Comment: I have read all of Dale Brown's fourteen novels and, with one exception, if you buy in to his premise that has developed over time, of a private US company modifying B-52 aircraft and developing others into a frightening air armada and then flying them against other countries without US approval, then you are going to enjoy this one as well.
From The Flight of the Old Dog to Wings on Fire has been a long and hazardous trip for Gen. Patrick McClanahan (USAF Ret.)and many others that served with him throughout the various campaigns.
In this book, Skymasters has been retained by some unnamed oil producers to "protect their interests" from the quite mad King of Lybia ( a successor to Quadaffi. All the King and his henchmen want to do is steal a few billion dollars and get out of Dodge. However when he starts by murdering the President of Egypt, he sets in motion a series of events that do not work out quite as he had hoped. The non-Arabic wife of the murdered president takes her husbands murder personally and embarks on her own plans for revenge.

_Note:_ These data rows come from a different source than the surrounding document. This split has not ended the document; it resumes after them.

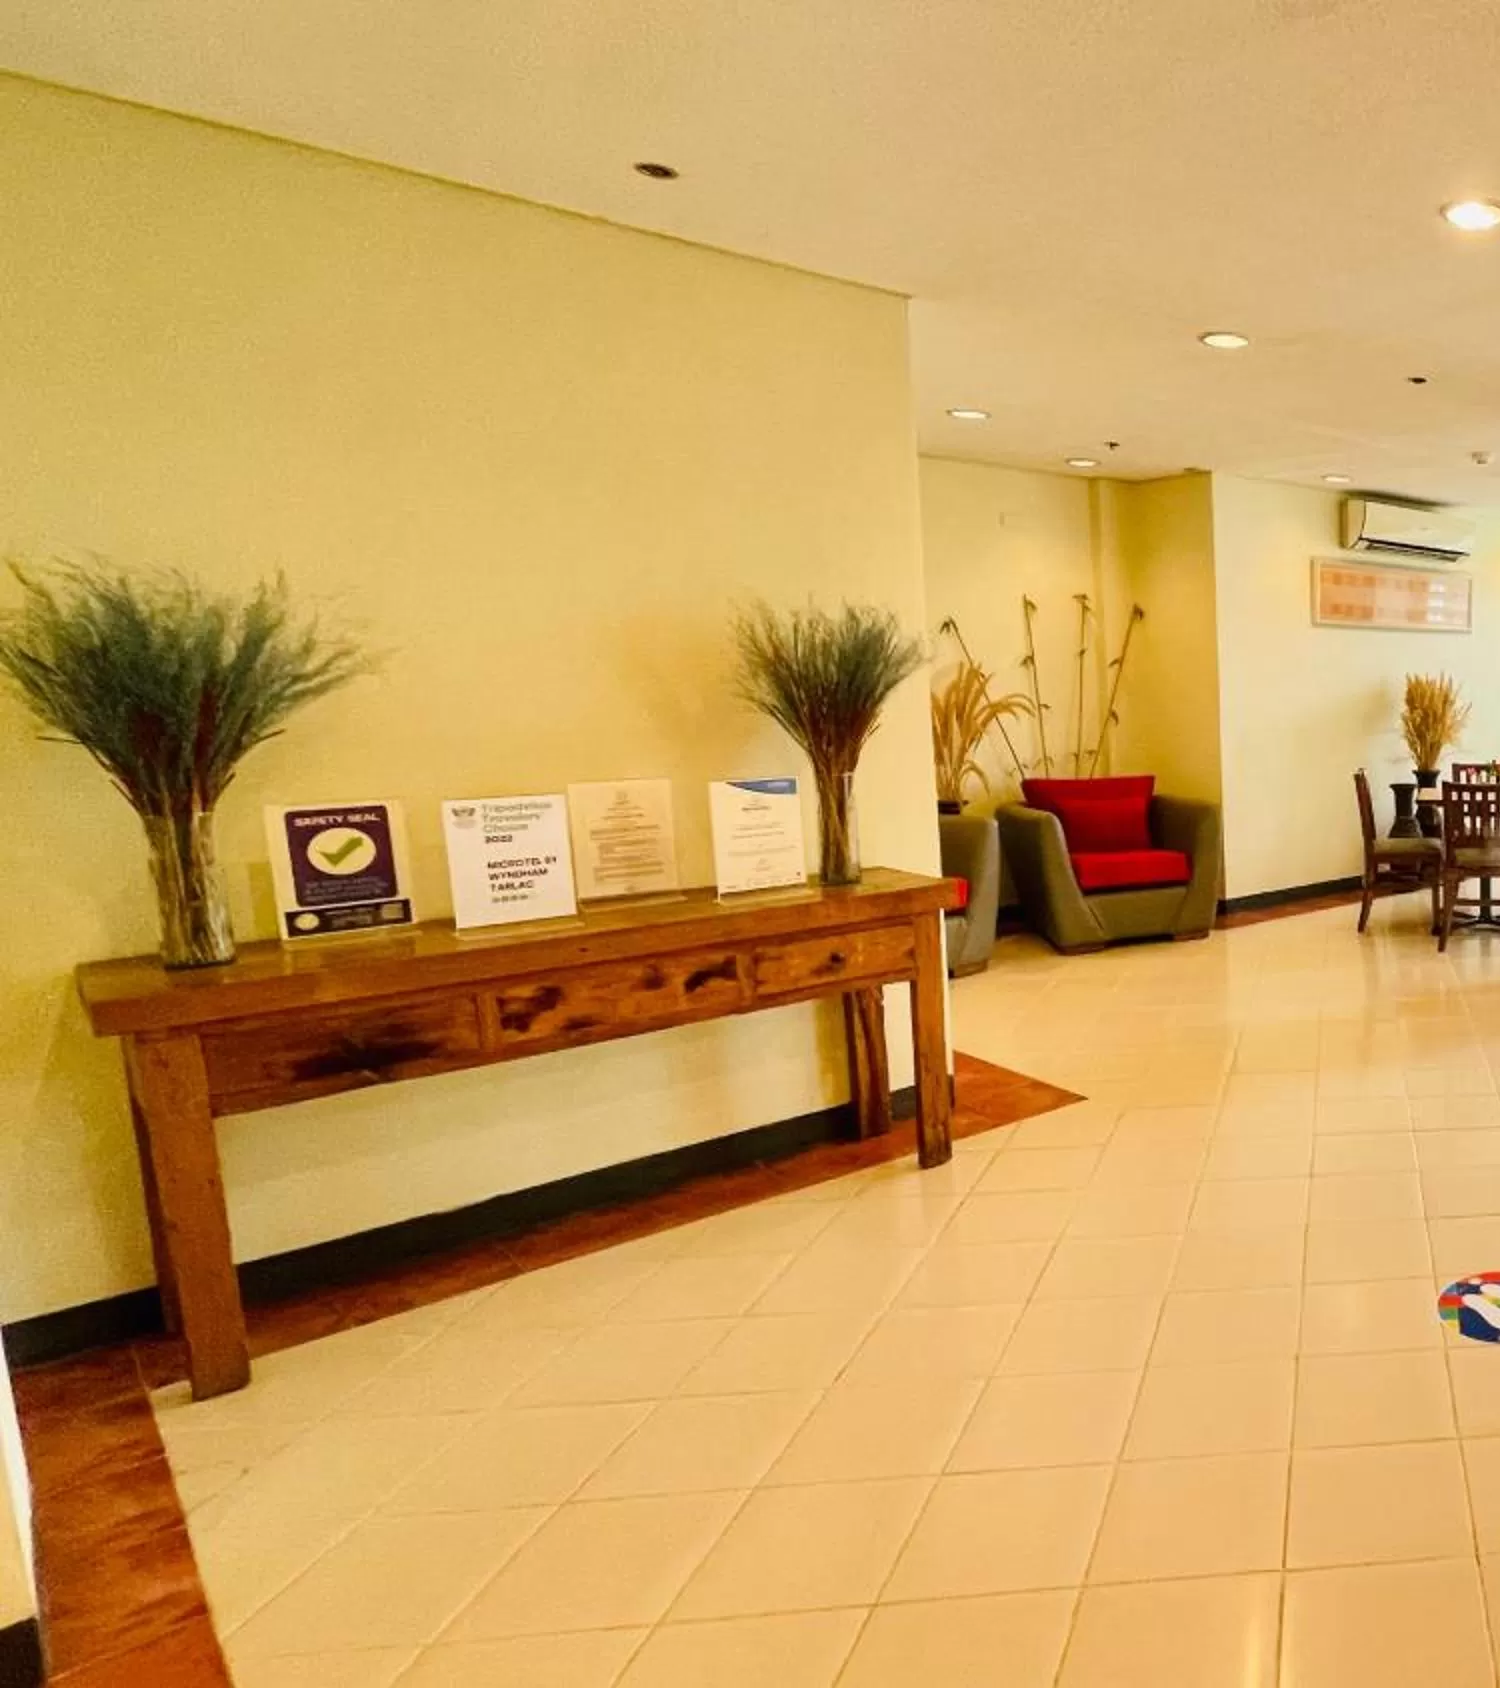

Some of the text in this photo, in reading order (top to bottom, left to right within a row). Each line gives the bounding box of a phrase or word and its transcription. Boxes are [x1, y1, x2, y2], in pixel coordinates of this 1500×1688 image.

[293, 812, 381, 827] SAFETY SEAL
[487, 855, 557, 869] MICROTEL BY
[488, 867, 549, 880] WYNDHAM
[490, 880, 534, 892] TARLAC
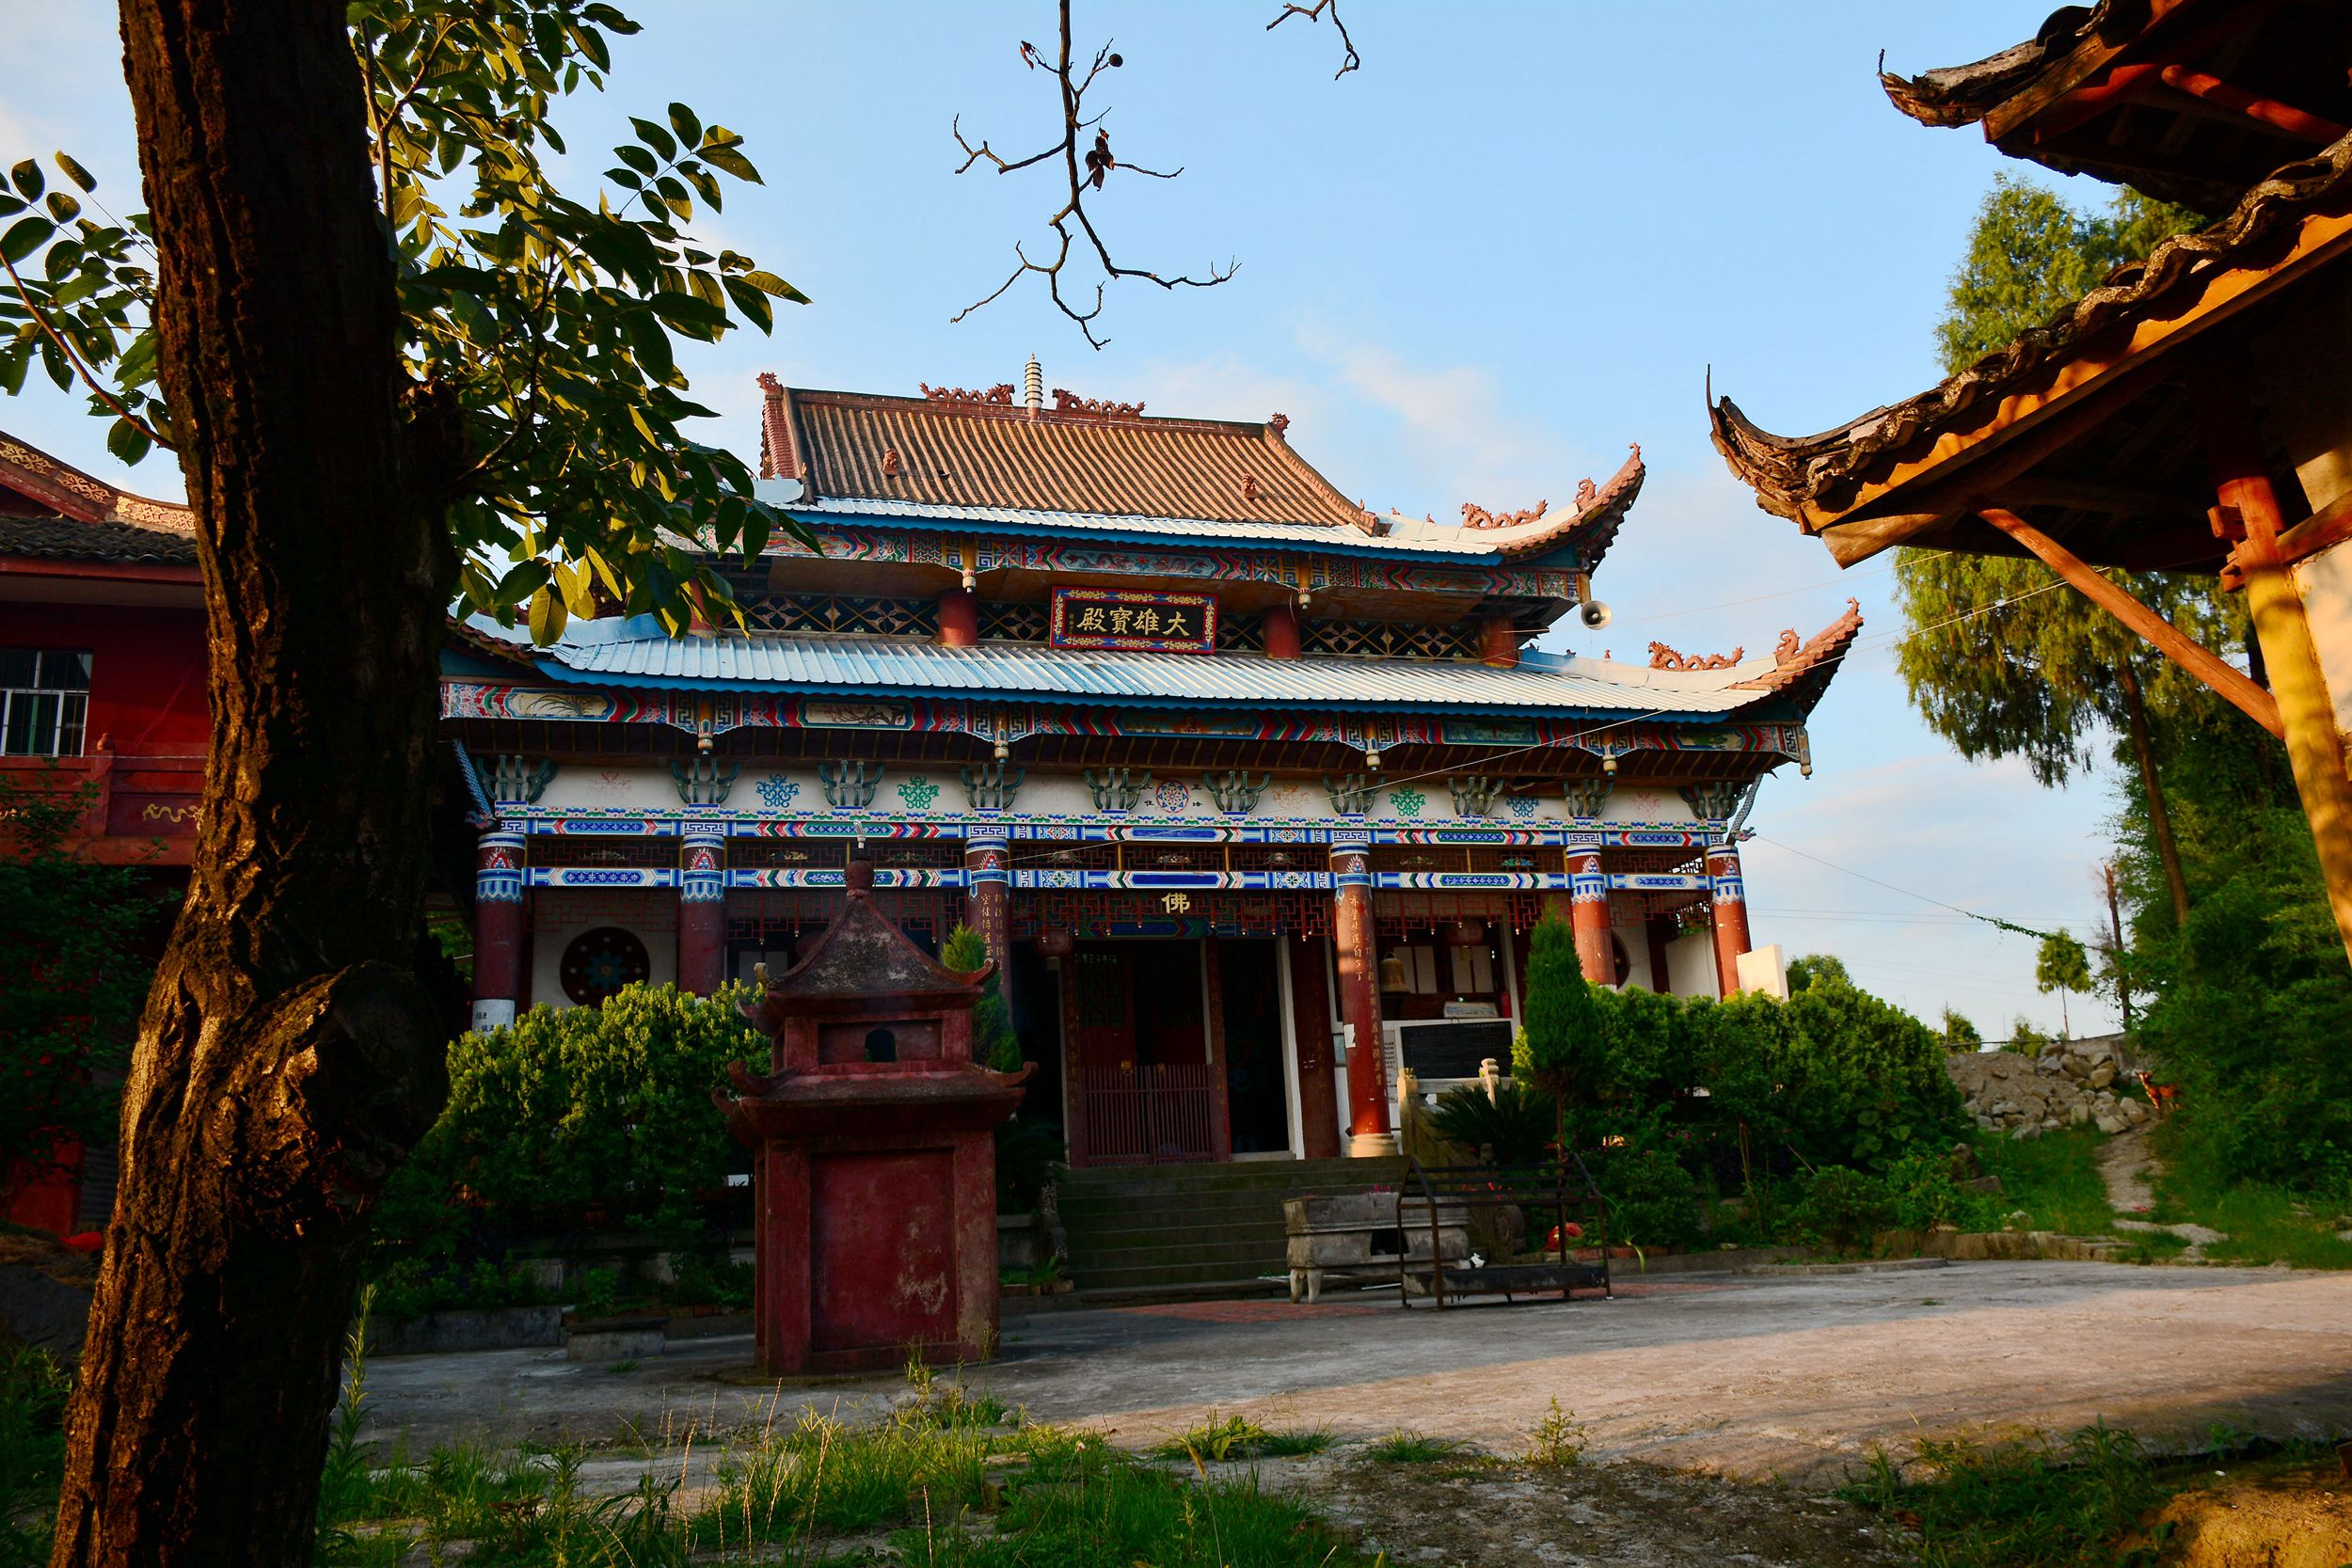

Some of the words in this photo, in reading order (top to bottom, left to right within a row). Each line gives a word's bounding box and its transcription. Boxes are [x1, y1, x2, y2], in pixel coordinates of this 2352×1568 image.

[1076, 606, 1190, 637] 大雄寶殿
[1161, 892, 1190, 914] 佛
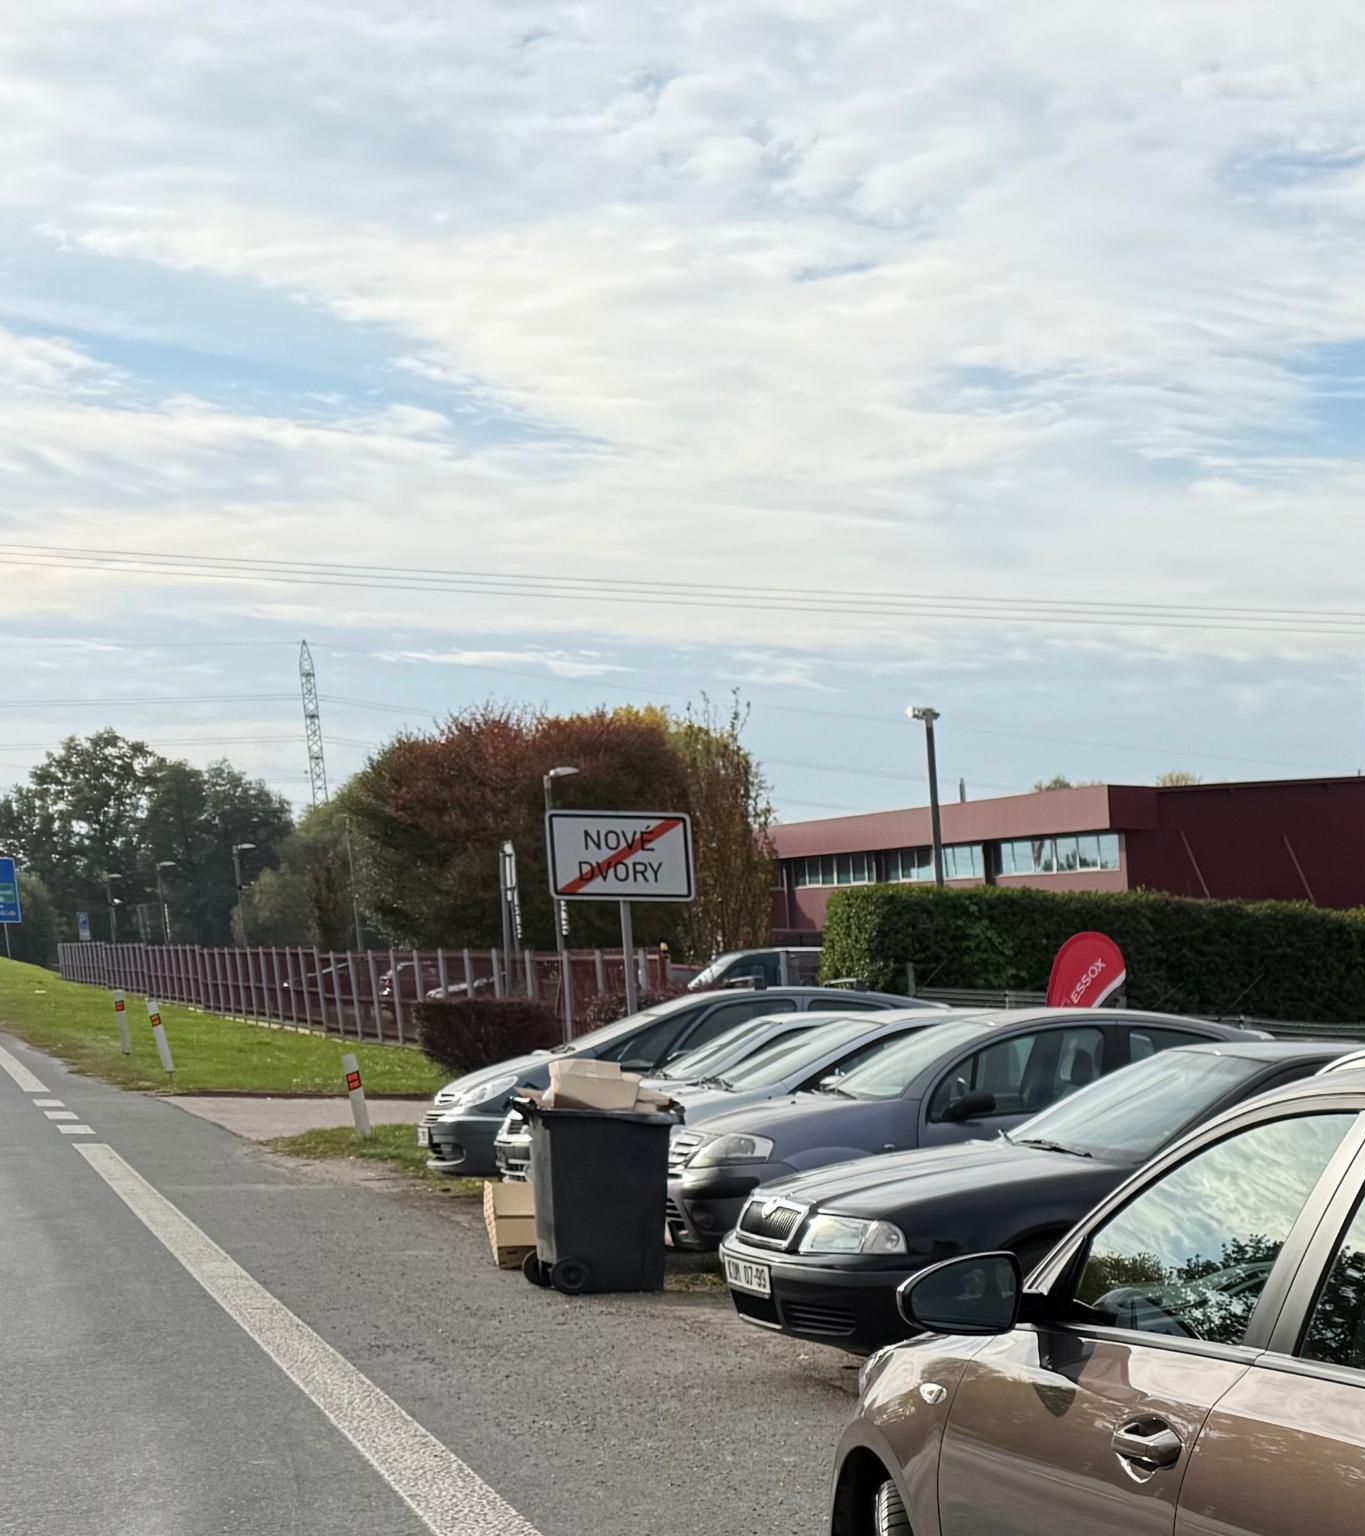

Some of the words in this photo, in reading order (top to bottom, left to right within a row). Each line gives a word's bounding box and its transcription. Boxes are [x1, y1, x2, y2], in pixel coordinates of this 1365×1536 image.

These get wrapped up with McClanahan and his Nightstalkers whose mission to Lybia has become somewhat undone and he finds himself rescued by Egyption forces after their ship is sunk by Lybia. However, not all of the forces are rescued and some fall into the hands of the Lybians, including McClanahan's wife, Wendy. McClanahan wants his wife and men back which Brown blends with the desires of the murdered President's widow and the rest is a typical air war pot boiler that is enjoyable to read, but a bit difficult to swallow in places.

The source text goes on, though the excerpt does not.